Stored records
# # # # #
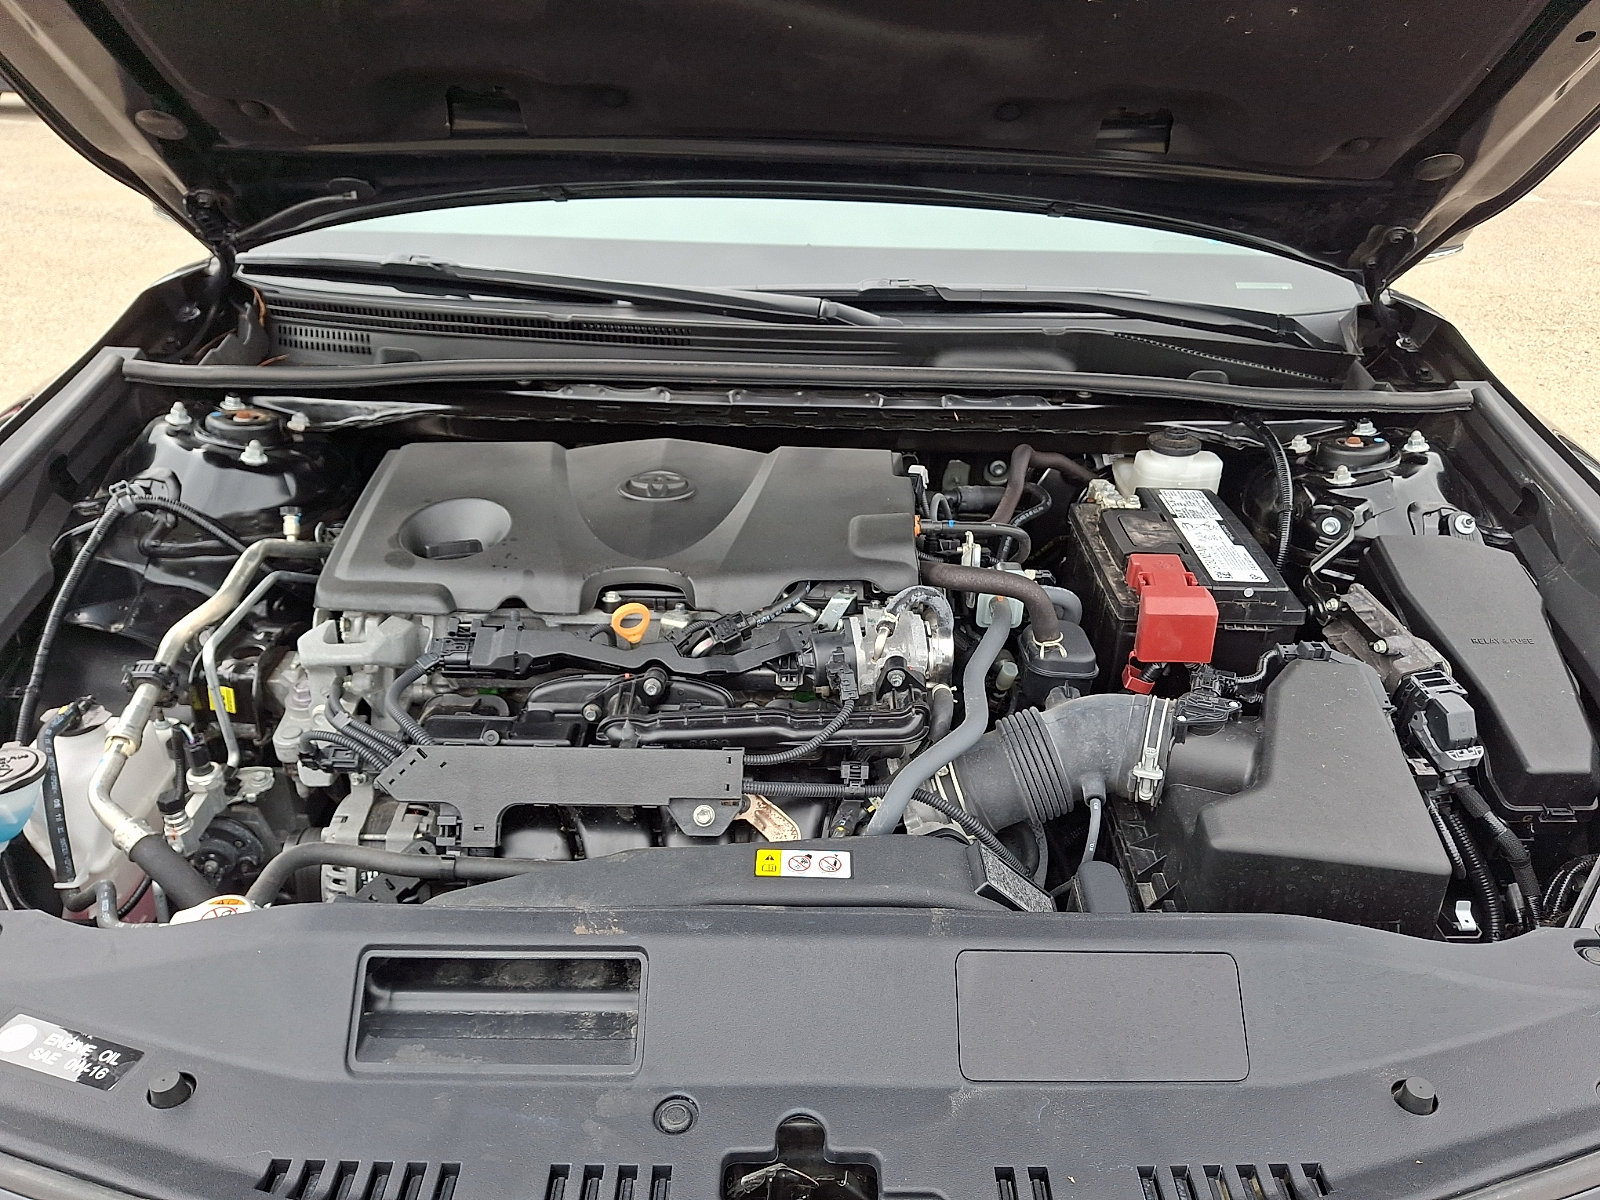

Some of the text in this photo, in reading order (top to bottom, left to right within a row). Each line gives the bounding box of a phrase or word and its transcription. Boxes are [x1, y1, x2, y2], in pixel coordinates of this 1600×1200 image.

[1470, 637, 1500, 645] RELAY
[1511, 637, 1535, 645] FUSE
[28, 1047, 62, 1066] SAE
[43, 1033, 121, 1066] ENGINE OIL
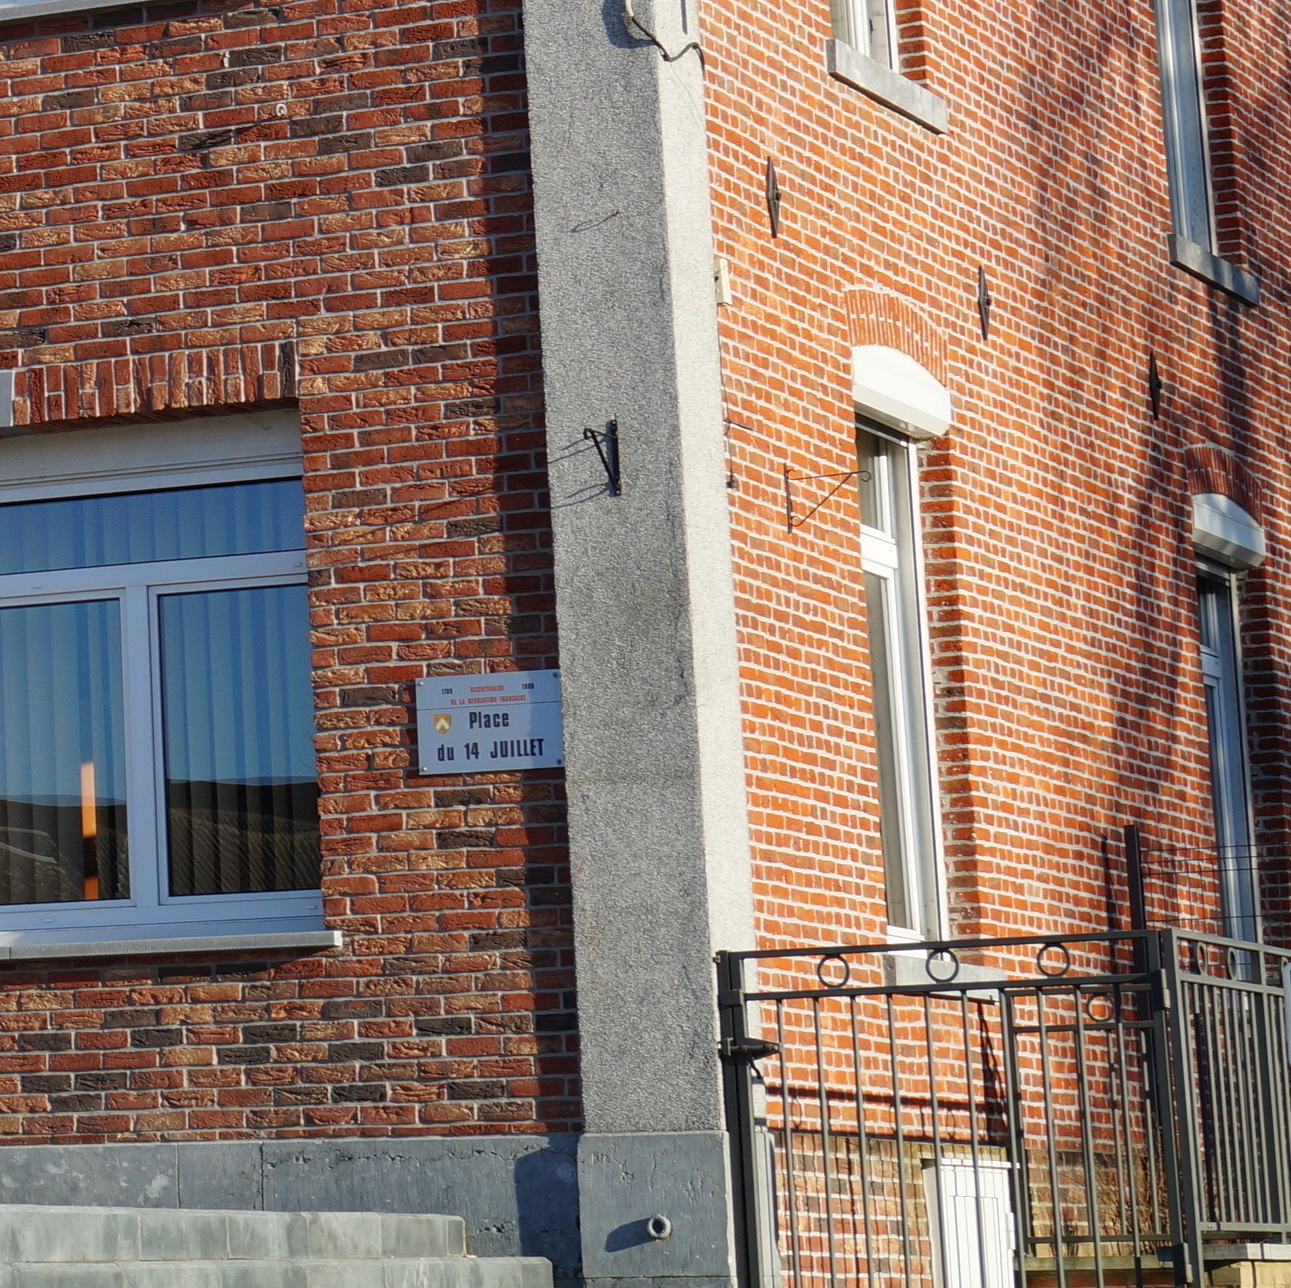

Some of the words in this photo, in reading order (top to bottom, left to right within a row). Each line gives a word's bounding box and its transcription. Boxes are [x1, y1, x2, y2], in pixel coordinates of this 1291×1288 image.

[469, 712, 510, 729] Place
[437, 744, 455, 762] du
[464, 742, 480, 760] 14
[490, 738, 544, 759] JUILLET
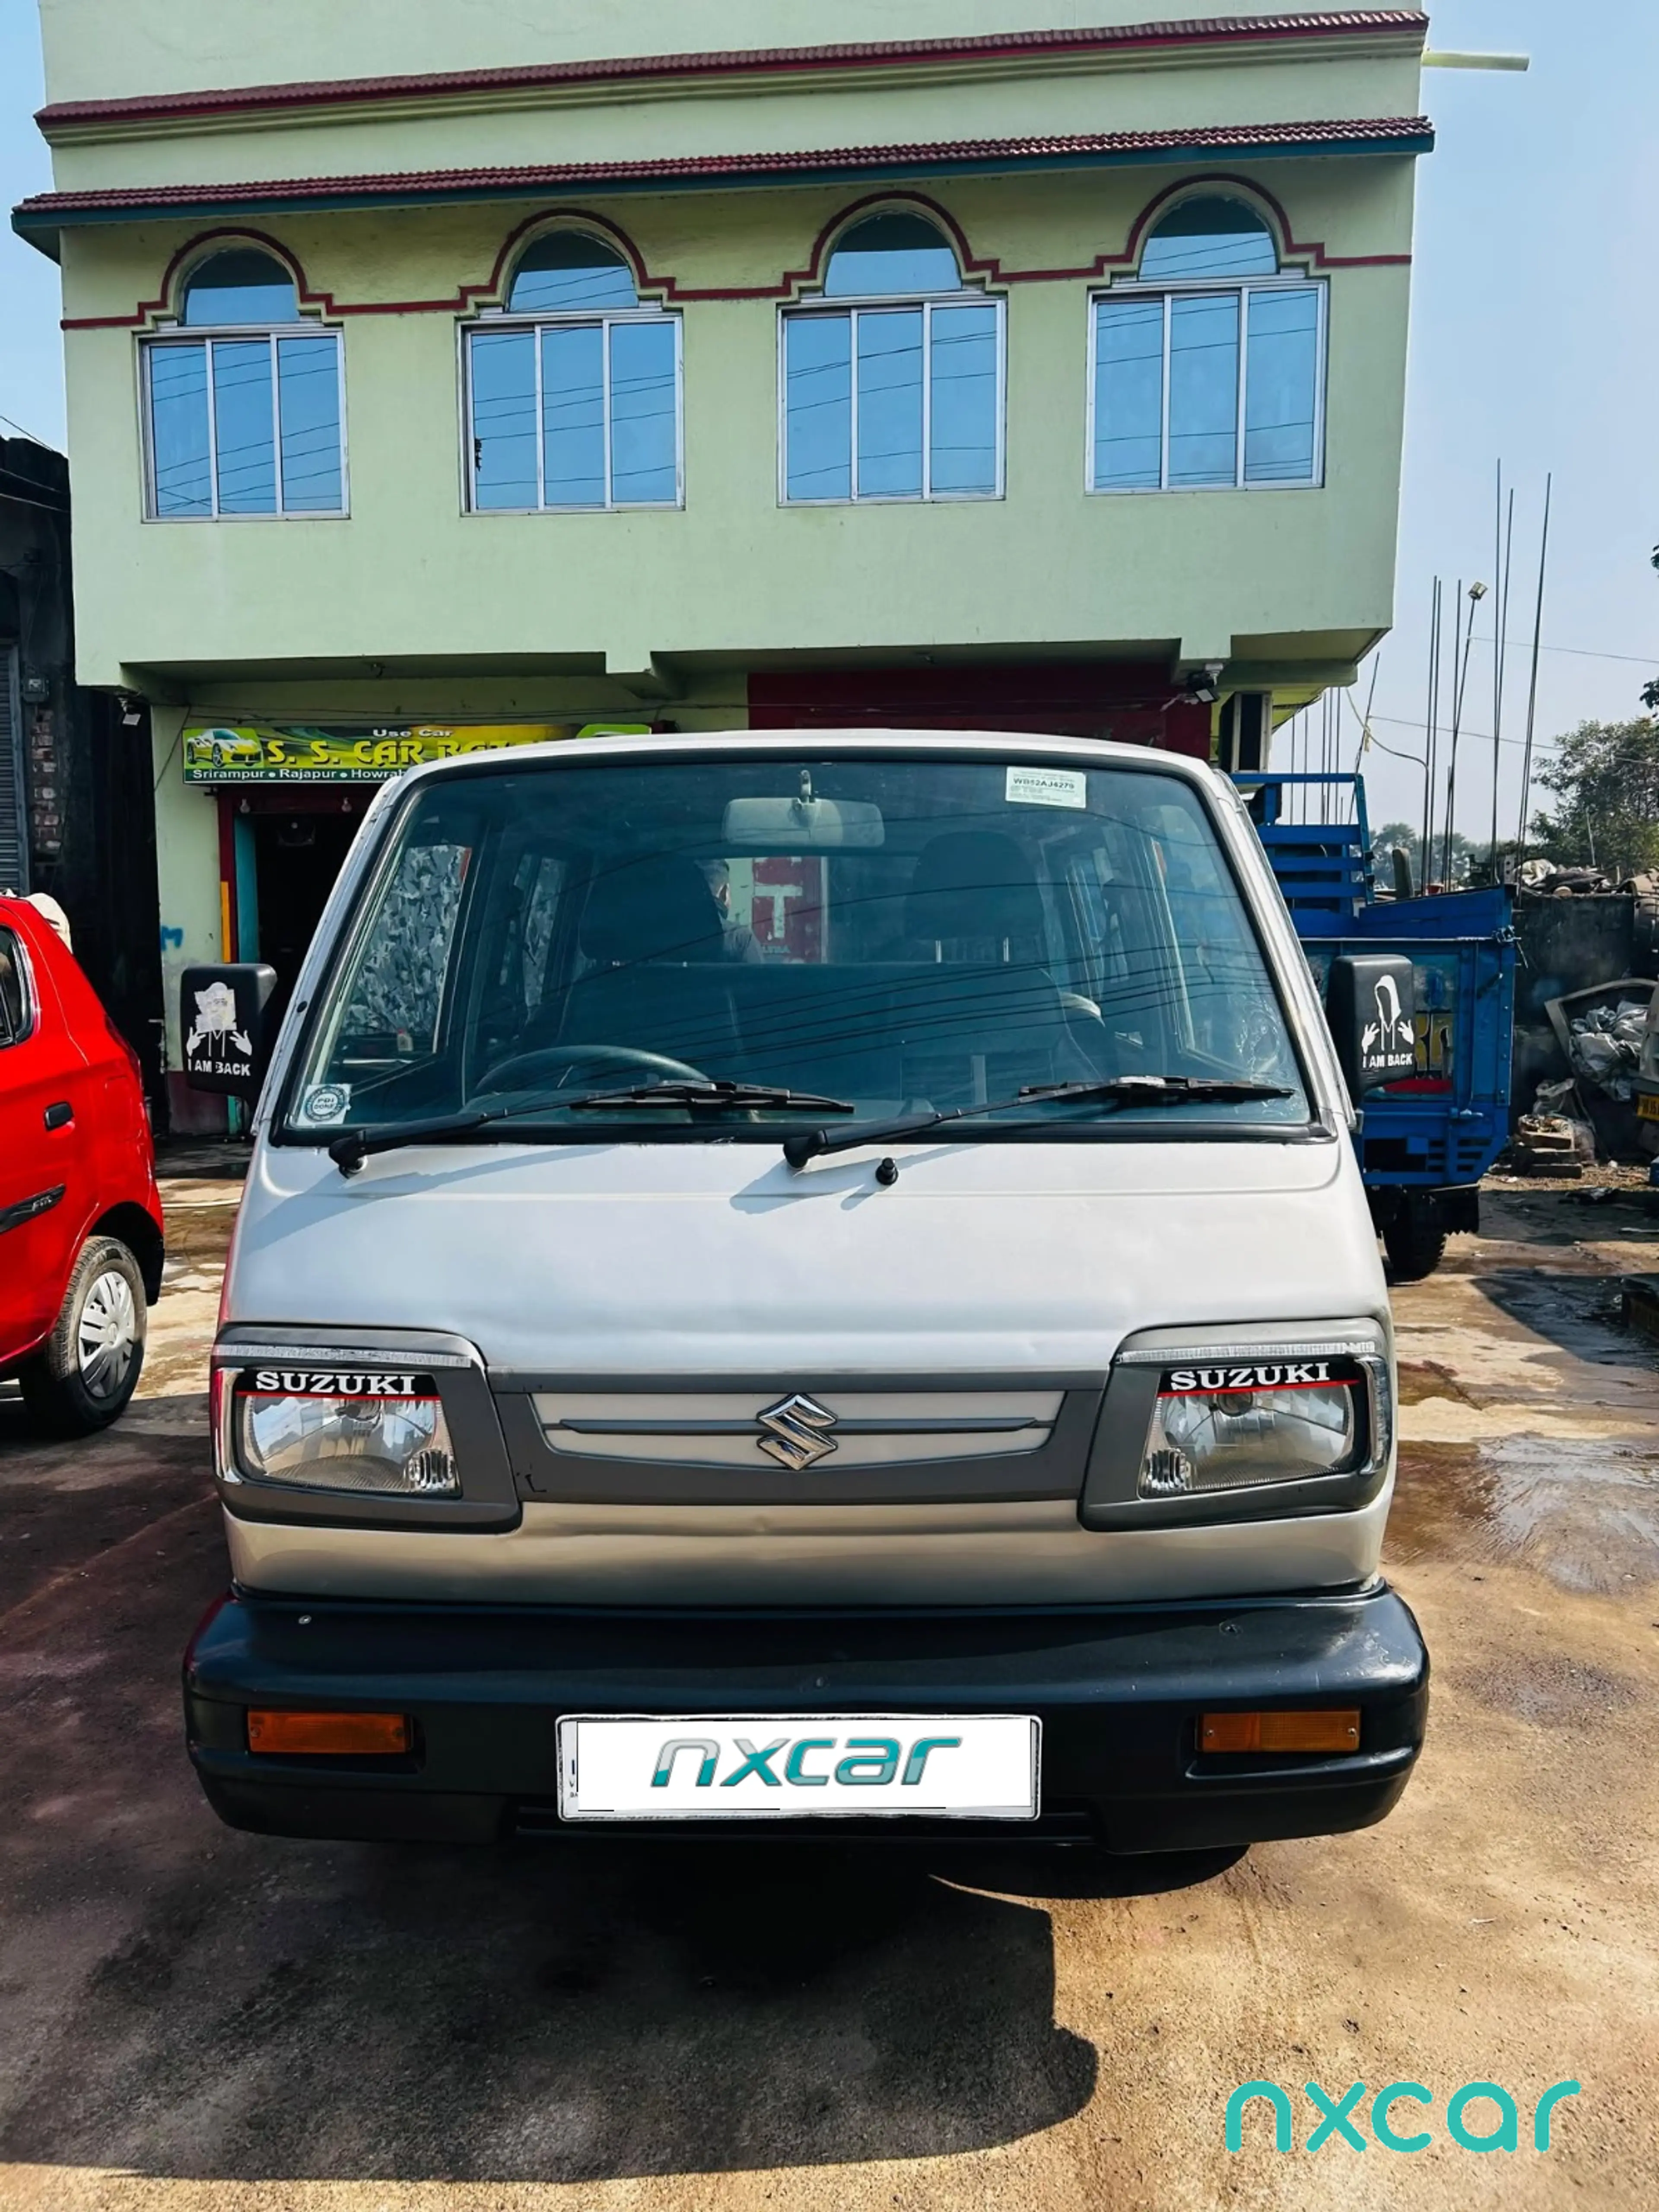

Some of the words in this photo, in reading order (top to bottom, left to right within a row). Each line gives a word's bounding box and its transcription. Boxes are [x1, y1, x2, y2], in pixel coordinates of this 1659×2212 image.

[373, 729, 412, 737] Use
[419, 728, 453, 737] Car
[268, 741, 296, 763] S.
[311, 741, 340, 763] S.
[353, 741, 425, 765] CAR
[193, 769, 265, 781] Srirampur
[280, 769, 337, 780] Rajapur
[188, 1058, 192, 1072] I
[194, 1059, 213, 1073] AM
[216, 1061, 251, 1076] BACK
[1363, 1056, 1367, 1068] I
[1369, 1055, 1385, 1068] AM
[1388, 1053, 1413, 1066] BACK
[256, 1371, 416, 1395] SUZUKI
[1170, 1362, 1330, 1391] SUZUKI
# # # # #
Each word of the data should be repeated exactly, and the pictures left out.

Written solution:
Some of the text in this photo, in reading order (top to bottom, left to right within a row). Each line gives the bounding box of a phrase or word and its transcription. Boxes are [x1, y1, x2, y2], in pixel coordinates of this 1600×1200 image.

[1470, 637, 1500, 645] RELAY
[1511, 637, 1535, 645] FUSE
[28, 1047, 62, 1066] SAE
[43, 1033, 121, 1066] ENGINE OIL

Some of the words in this photo, in reading order (top to bottom, left to right within a row). Each line gives a word's bounding box and its transcription. Boxes are [x1, y1, x2, y2], in pixel coordinates of this 1291×1288 image.

[469, 712, 510, 729] Place
[437, 744, 455, 762] du
[464, 742, 480, 760] 14
[490, 738, 544, 759] JUILLET

Some of the words in this photo, in reading order (top to bottom, left to right within a row). Each line gives a word's bounding box and its transcription. Boxes are [x1, y1, x2, y2], in pixel coordinates of this 1659×2212 image.

[373, 729, 412, 737] Use
[419, 728, 453, 737] Car
[268, 741, 296, 763] S.
[311, 741, 340, 763] S.
[353, 741, 425, 765] CAR
[193, 769, 265, 781] Srirampur
[280, 769, 337, 780] Rajapur
[188, 1058, 192, 1072] I
[194, 1059, 213, 1073] AM
[216, 1061, 251, 1076] BACK
[1363, 1056, 1367, 1068] I
[1369, 1055, 1385, 1068] AM
[1388, 1053, 1413, 1066] BACK
[256, 1371, 416, 1395] SUZUKI
[1170, 1362, 1330, 1391] SUZUKI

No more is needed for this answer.